Prices in the used car market have skyrocketed over the past year due to the squeeze in new car sales caused by the global chip shortage. In many cases, used vehicles change hands for a higher value than their factory-fresh counterparts.

The finance division of VW competitor General Motors also more than doubled its profits in the nine months to the end of September, the U.S. automaker revealed, with pre-tax profit reaching $ 3.9 billion, from 1 , $ 7 billion a year ago.

“Big engines were obviously the strong values ​​of used vehicles. . . and a decrease in amortization charges for the nine months, as well as a decrease in loan loss provisions due to reserve levels that were increased in the first half of 2020 at the start of the pandemic, ”said the CFO Susan Sheffield.

Ford Credit, which funds the American company’s customers and dealers, reported pre-tax profit of $ 3.7 billion in the same period, which included a record second quarter. The figure already exceeds the 2020 total by $ 1 billion.

Daimler’s financial services arm, Daimler Mobility, was hit by bottlenecks in the last quarter, but the Stuttgart-based automaker said it also aims to “use new market potential in the market. used car market as well as through more flexible leasing and rental products, especially for electric vehicles ”.

Not all car manufacturers have in-house financing arms, but some of them are moving to the region, aware of the profits to be made.

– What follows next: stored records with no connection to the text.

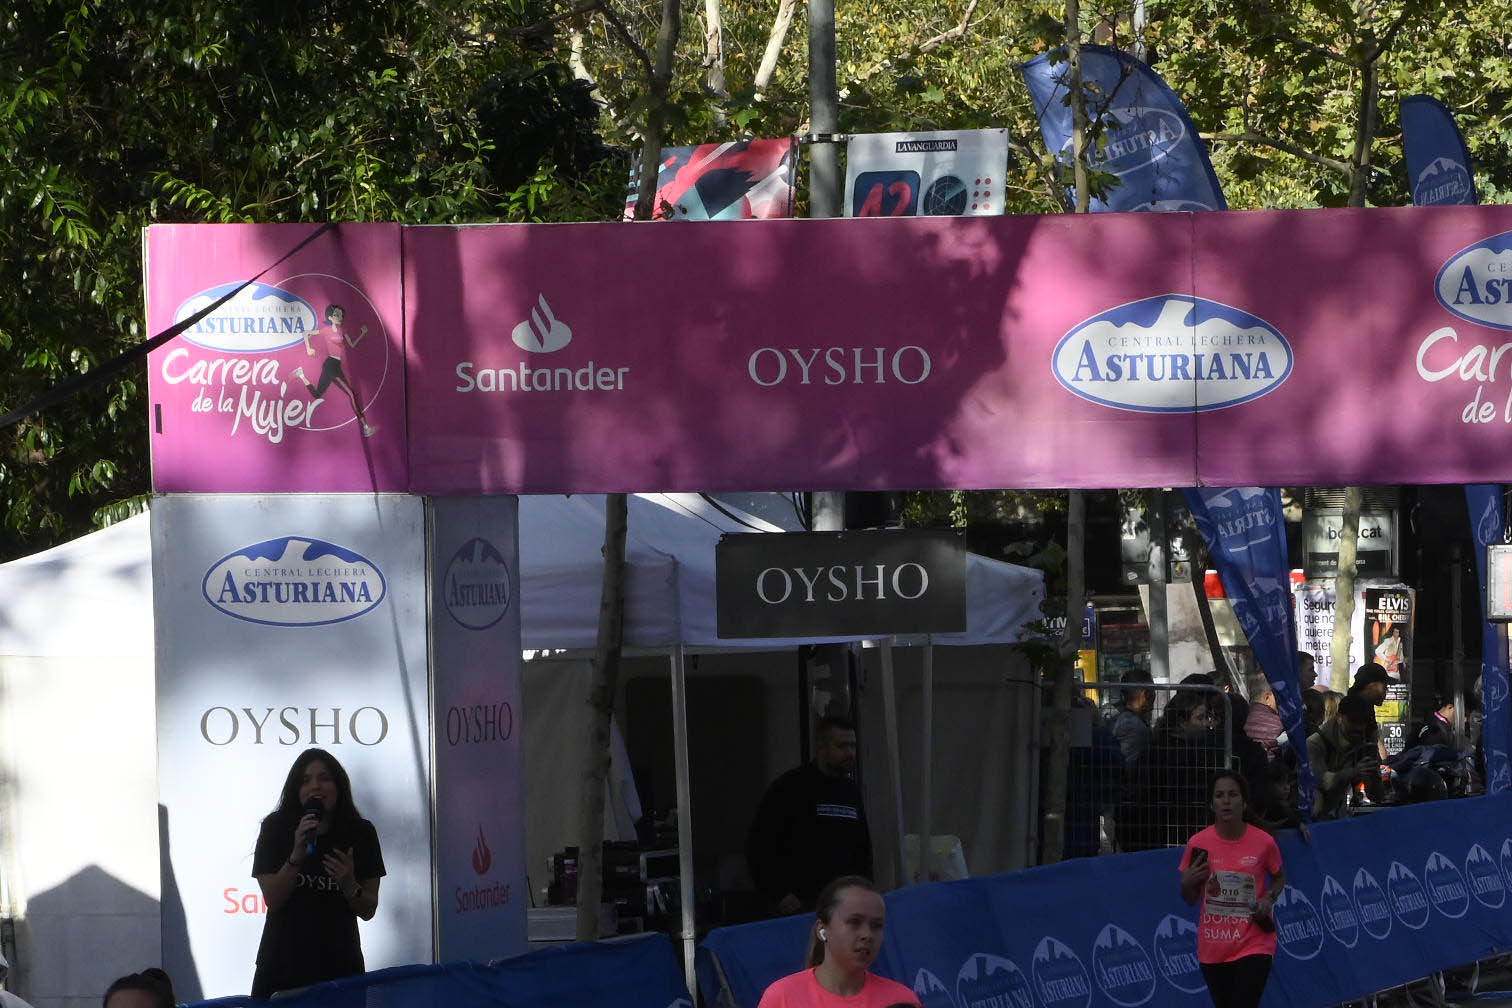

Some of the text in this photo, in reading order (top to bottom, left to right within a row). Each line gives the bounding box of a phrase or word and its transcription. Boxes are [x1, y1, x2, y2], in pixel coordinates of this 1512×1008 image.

[1108, 334, 1267, 347] CENTRAL LECHERA
[161, 348, 280, 385] Carrera
[455, 362, 629, 393] Santander
[747, 346, 933, 387] OYSHO
[1071, 340, 1275, 382] ASTURIANA
[191, 381, 326, 443] de la Mujer
[1461, 385, 1498, 424] de
[217, 570, 373, 605] ASTURIANA
[244, 567, 366, 578] CENTRAL LECHERA
[756, 562, 930, 605] OYSHO
[449, 573, 507, 609] ASTURIANA
[1378, 597, 1409, 610] ELVIS
[199, 706, 389, 747] OYSHO
[447, 702, 513, 747] OYSHO
[1389, 727, 1402, 737] 30
[455, 883, 512, 914] Santander
[1204, 928, 1241, 939] SUMA
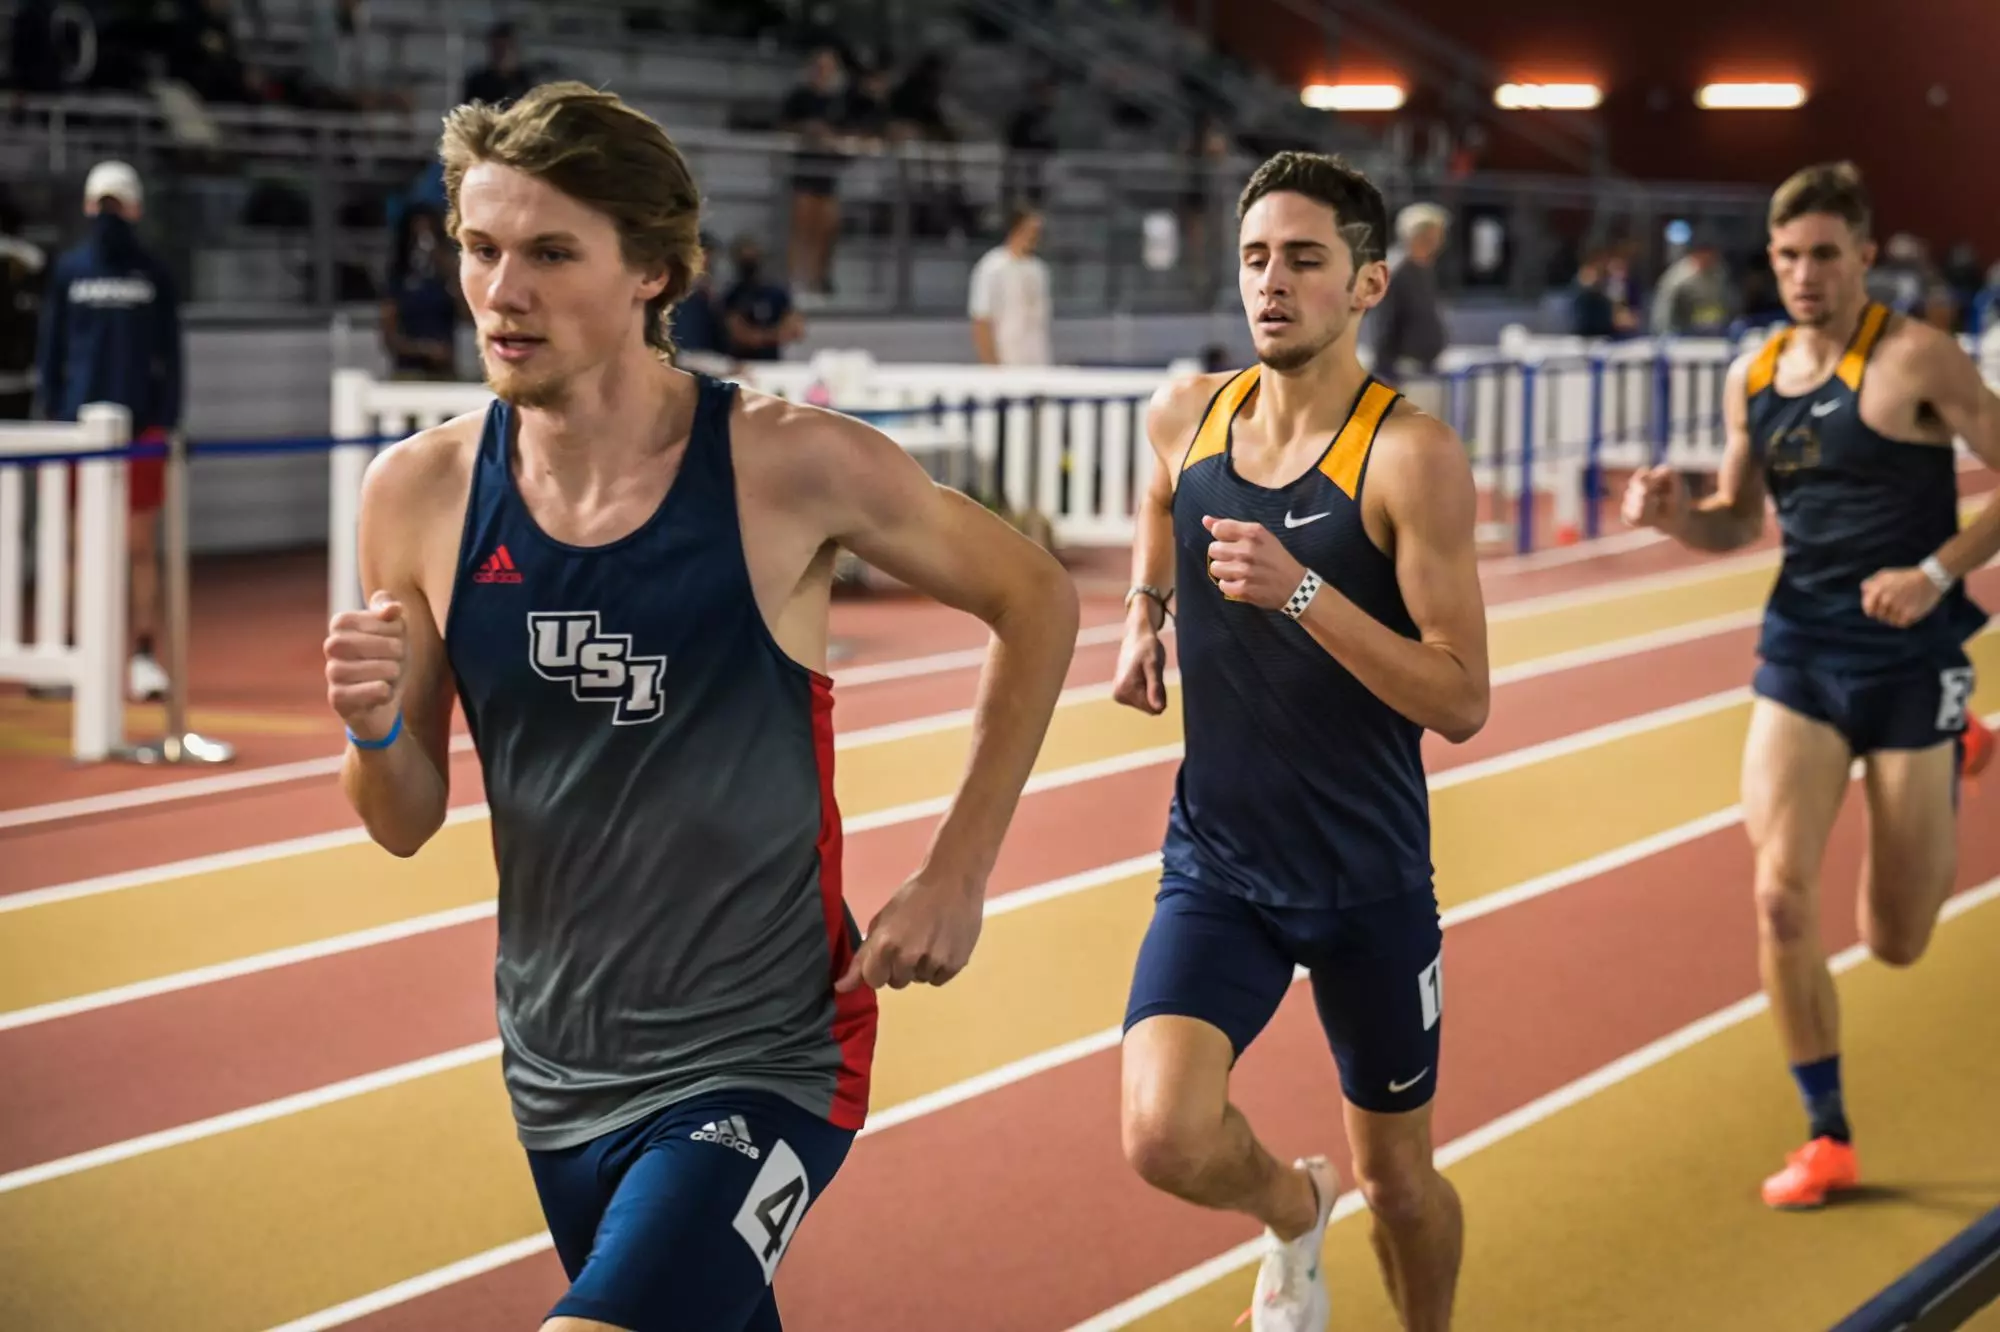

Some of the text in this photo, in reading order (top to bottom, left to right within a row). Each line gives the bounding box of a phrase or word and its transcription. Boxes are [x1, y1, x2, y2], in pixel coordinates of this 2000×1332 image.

[528, 611, 666, 724] USI
[1428, 964, 1440, 1014] 1
[690, 1130, 760, 1160] adidas
[754, 1174, 804, 1263] 4
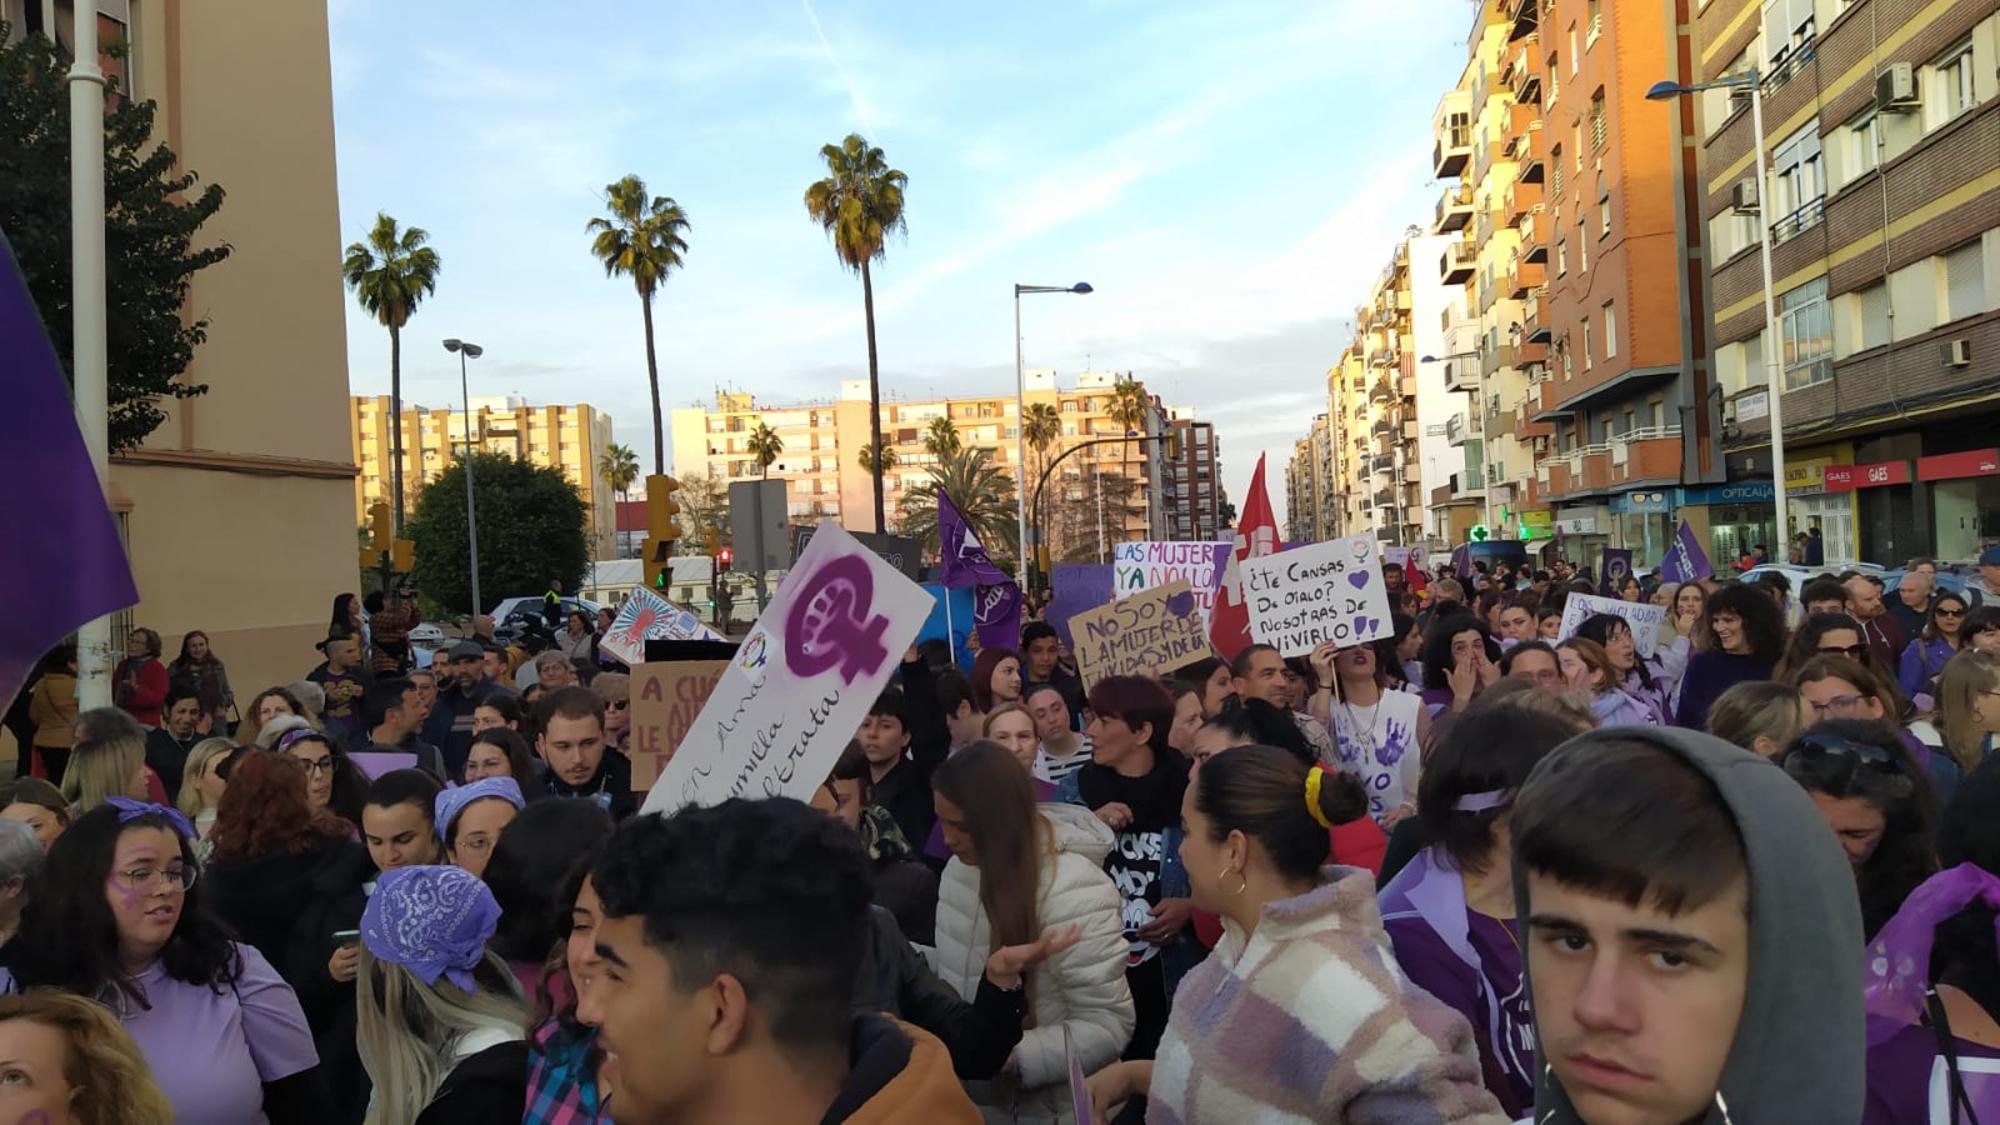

Stellantis, the group resulting from the merger of French PSA and Fiat Chrysler, is in the process of opening one in the United States after having bought in September the financial services group First Investors.

“I think it’s really important for the company to have a finco,” Stellantis CFO Richard Palmer said last week. “This is clearly a great source of profitability in the medium term,” he said, citing rival GM’s decision to buy AmeriCredit as the basis of its lending business, which now gives it a “very strong portfolio. solid with a very profitable activity “.

While their main businesses have been squeezed, some automakers have even used their own financial arms to help them finance their overall business. Renault received € 1 billion from RCI Banque, its internal financing subsidiary, after the European Central Bank changed the rules this year regarding dividend payment limits. The injection gives the French automaker “sufficient margin to cover investments and restructuring” for the second half of the year, CFO Clotilde Delbos said earlier this month.